◆ Problem description ◆
Directions for the data below: repeat exactly the lines from the one with "this 1344×1512 image." through the one with "this 1800×1200 image.", both included, and omit all pictures.

===== Provided records =====

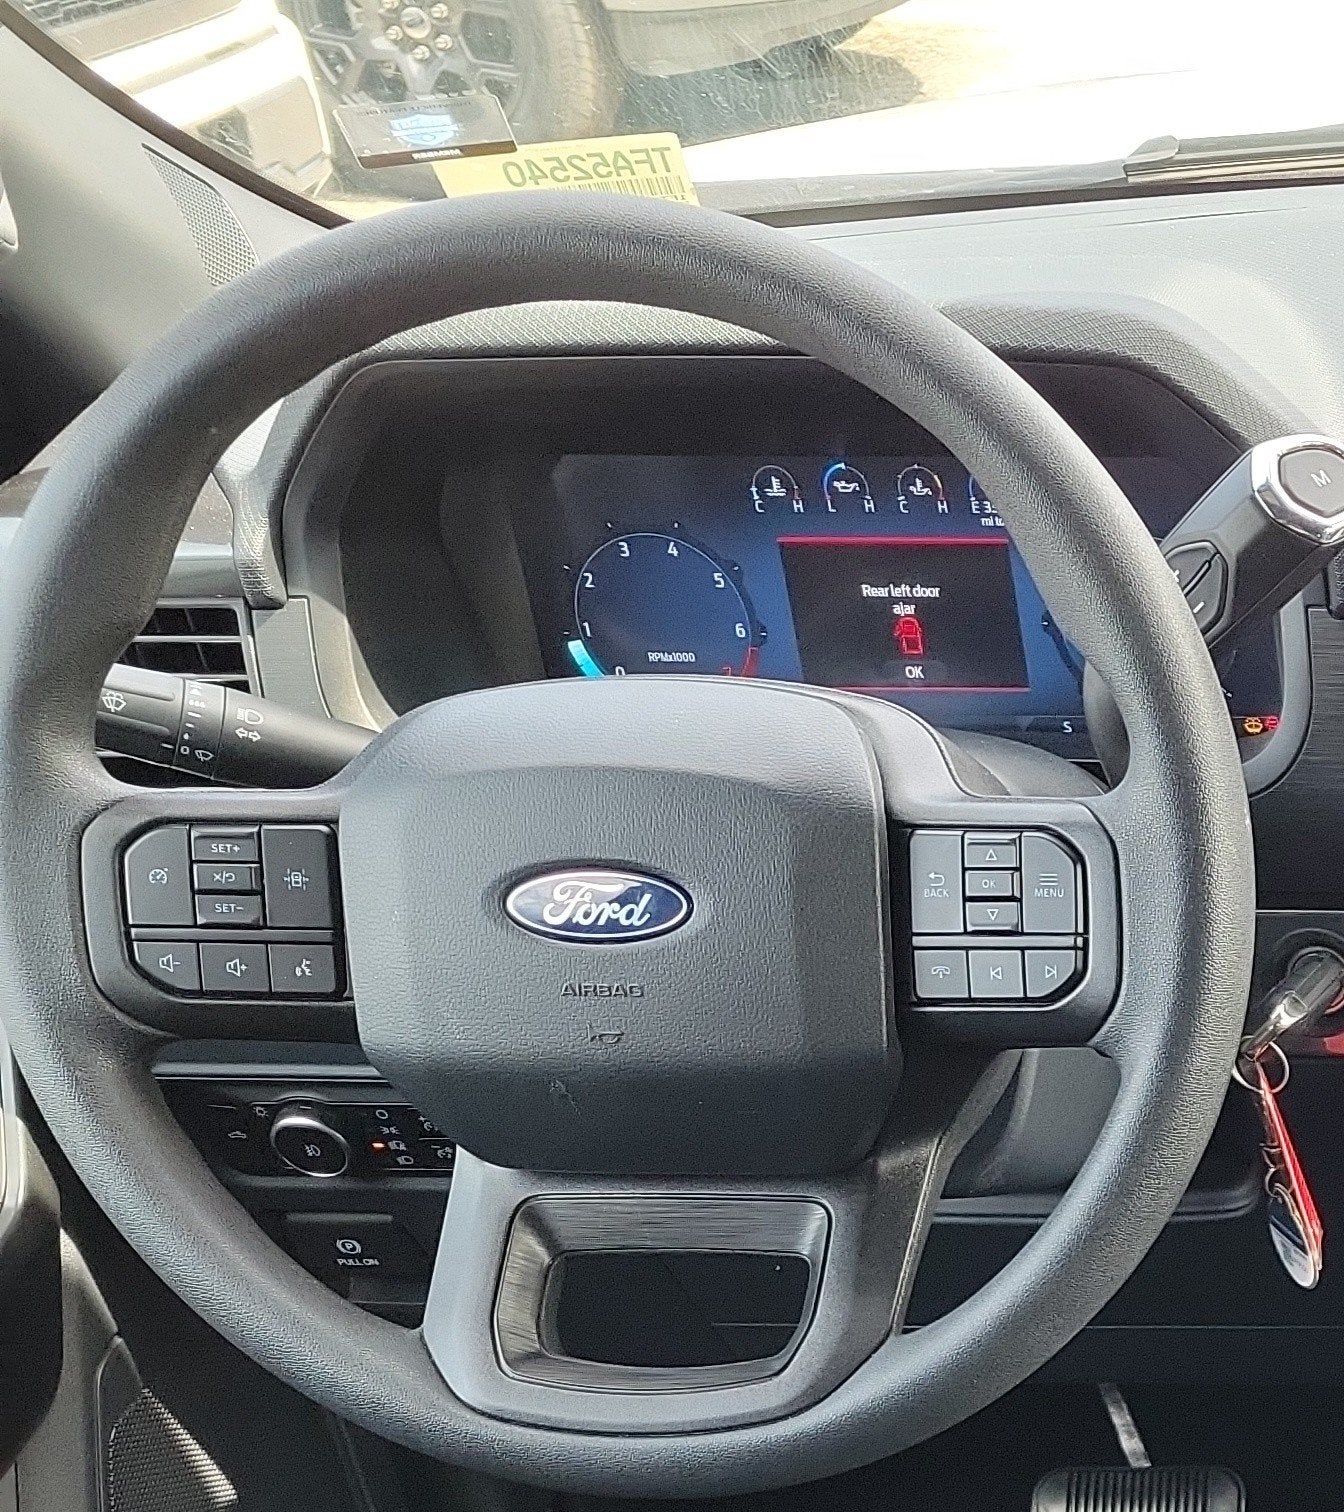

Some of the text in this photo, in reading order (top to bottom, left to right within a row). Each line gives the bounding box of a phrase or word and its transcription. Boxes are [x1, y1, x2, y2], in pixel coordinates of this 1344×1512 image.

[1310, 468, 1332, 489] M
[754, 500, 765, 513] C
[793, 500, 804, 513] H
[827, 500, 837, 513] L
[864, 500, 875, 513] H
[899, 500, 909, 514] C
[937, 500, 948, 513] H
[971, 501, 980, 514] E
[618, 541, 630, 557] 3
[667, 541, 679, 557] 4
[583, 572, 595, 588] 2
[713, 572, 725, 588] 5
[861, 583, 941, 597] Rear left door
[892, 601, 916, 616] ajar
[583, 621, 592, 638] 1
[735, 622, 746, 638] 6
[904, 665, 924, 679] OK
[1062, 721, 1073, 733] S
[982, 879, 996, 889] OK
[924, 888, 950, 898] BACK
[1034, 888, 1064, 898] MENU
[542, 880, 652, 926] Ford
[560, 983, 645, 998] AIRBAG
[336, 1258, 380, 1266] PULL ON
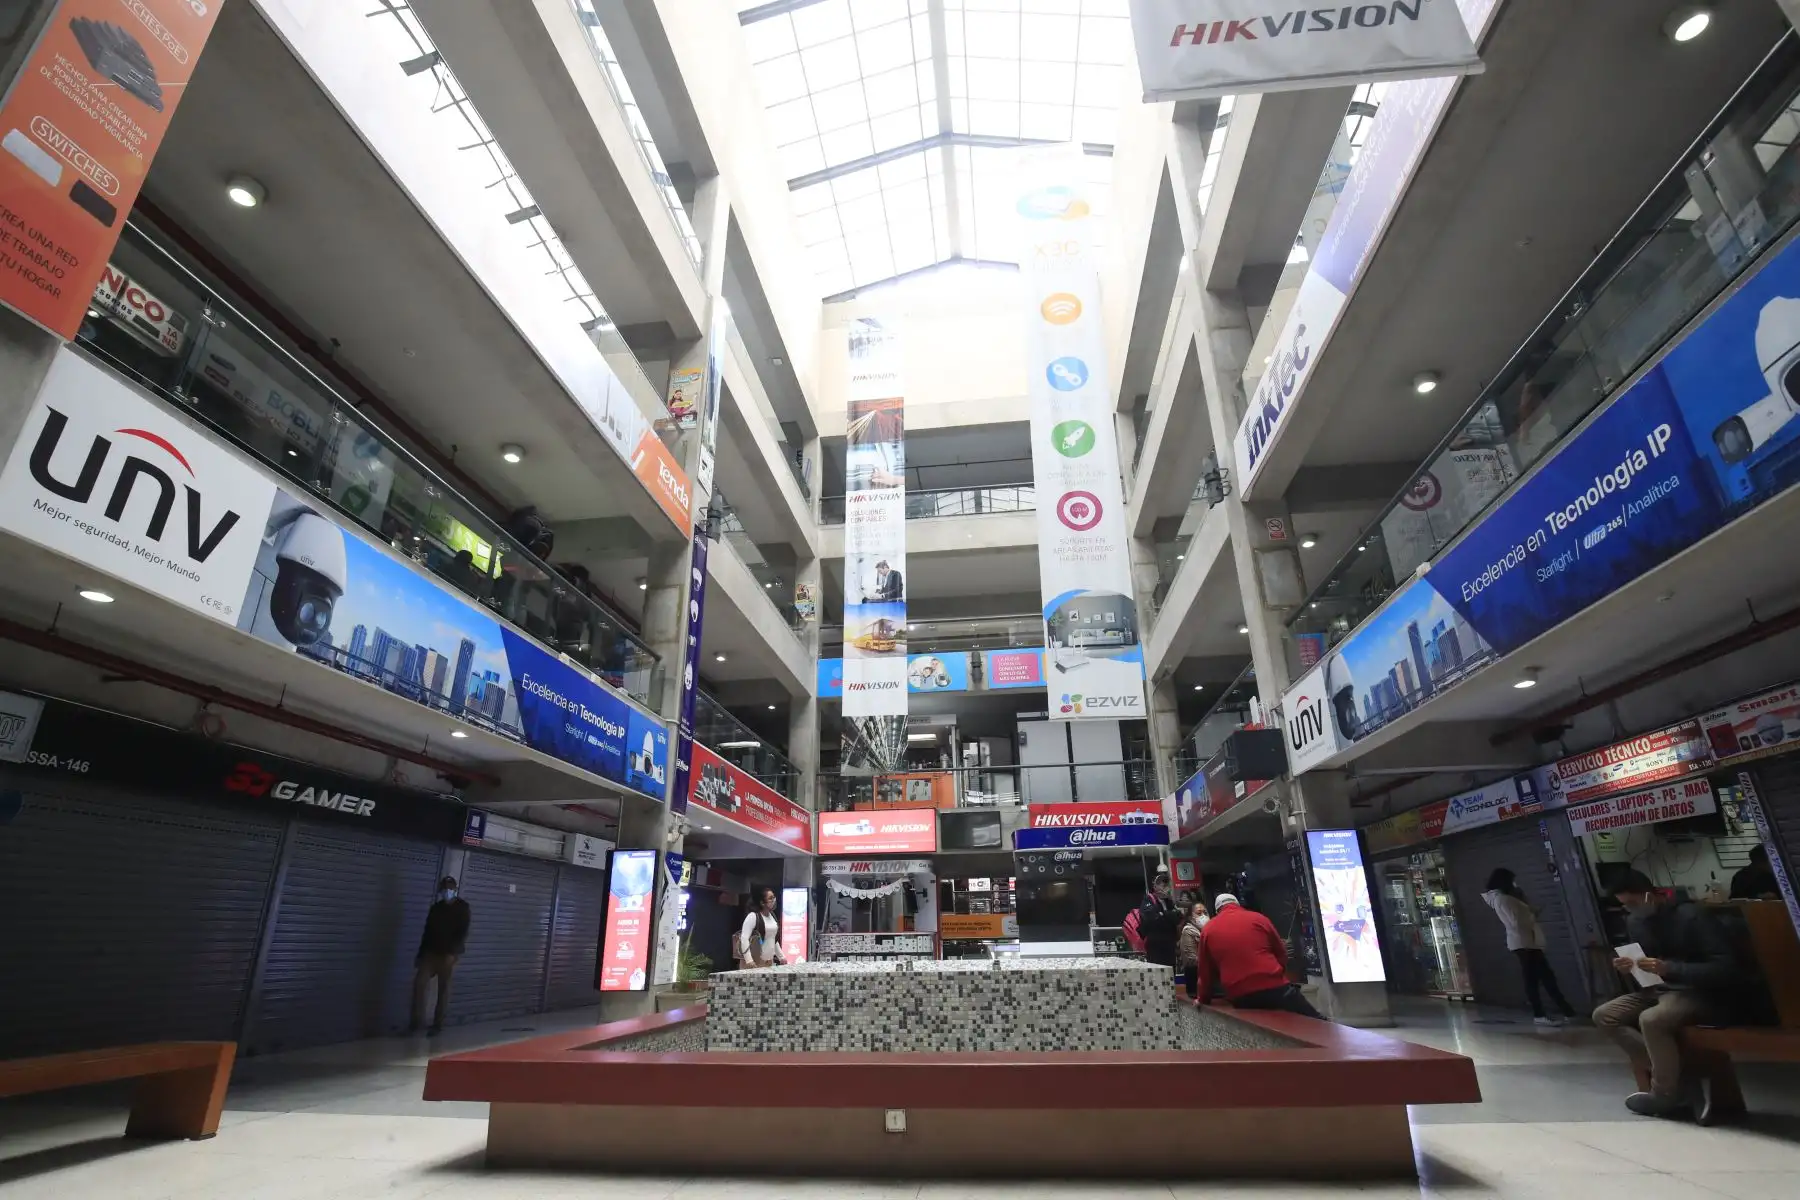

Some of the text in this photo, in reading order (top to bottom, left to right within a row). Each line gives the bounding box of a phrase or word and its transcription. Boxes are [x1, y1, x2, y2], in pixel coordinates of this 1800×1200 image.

=====
===== Provided records =====

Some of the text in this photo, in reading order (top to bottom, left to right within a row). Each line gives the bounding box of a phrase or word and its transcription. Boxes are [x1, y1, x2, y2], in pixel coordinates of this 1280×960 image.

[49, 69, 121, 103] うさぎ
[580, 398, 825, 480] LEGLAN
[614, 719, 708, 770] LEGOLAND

=====

◆ Output of the task ◆
Some of the text in this photo, in reading order (top to bottom, left to right within a row). Each line gives the bounding box of a phrase or word and its transcription. Boxes are [x1, y1, x2, y2], in pixel coordinates of this 1344×1512 image.

[1310, 468, 1332, 489] M
[754, 500, 765, 513] C
[793, 500, 804, 513] H
[827, 500, 837, 513] L
[864, 500, 875, 513] H
[899, 500, 909, 514] C
[937, 500, 948, 513] H
[971, 501, 980, 514] E
[618, 541, 630, 557] 3
[667, 541, 679, 557] 4
[583, 572, 595, 588] 2
[713, 572, 725, 588] 5
[861, 583, 941, 597] Rear left door
[892, 601, 916, 616] ajar
[583, 621, 592, 638] 1
[735, 622, 746, 638] 6
[904, 665, 924, 679] OK
[1062, 721, 1073, 733] S
[982, 879, 996, 889] OK
[924, 888, 950, 898] BACK
[1034, 888, 1064, 898] MENU
[542, 880, 652, 926] Ford
[560, 983, 645, 998] AIRBAG
[336, 1258, 380, 1266] PULL ON

Some of the text in this photo, in reading order (top to bottom, left to right within a row). Each line gives the bounding box of a phrase or word and its transcription. Boxes are [x1, y1, x2, y2], in pixel coordinates of this 1800×1200 image.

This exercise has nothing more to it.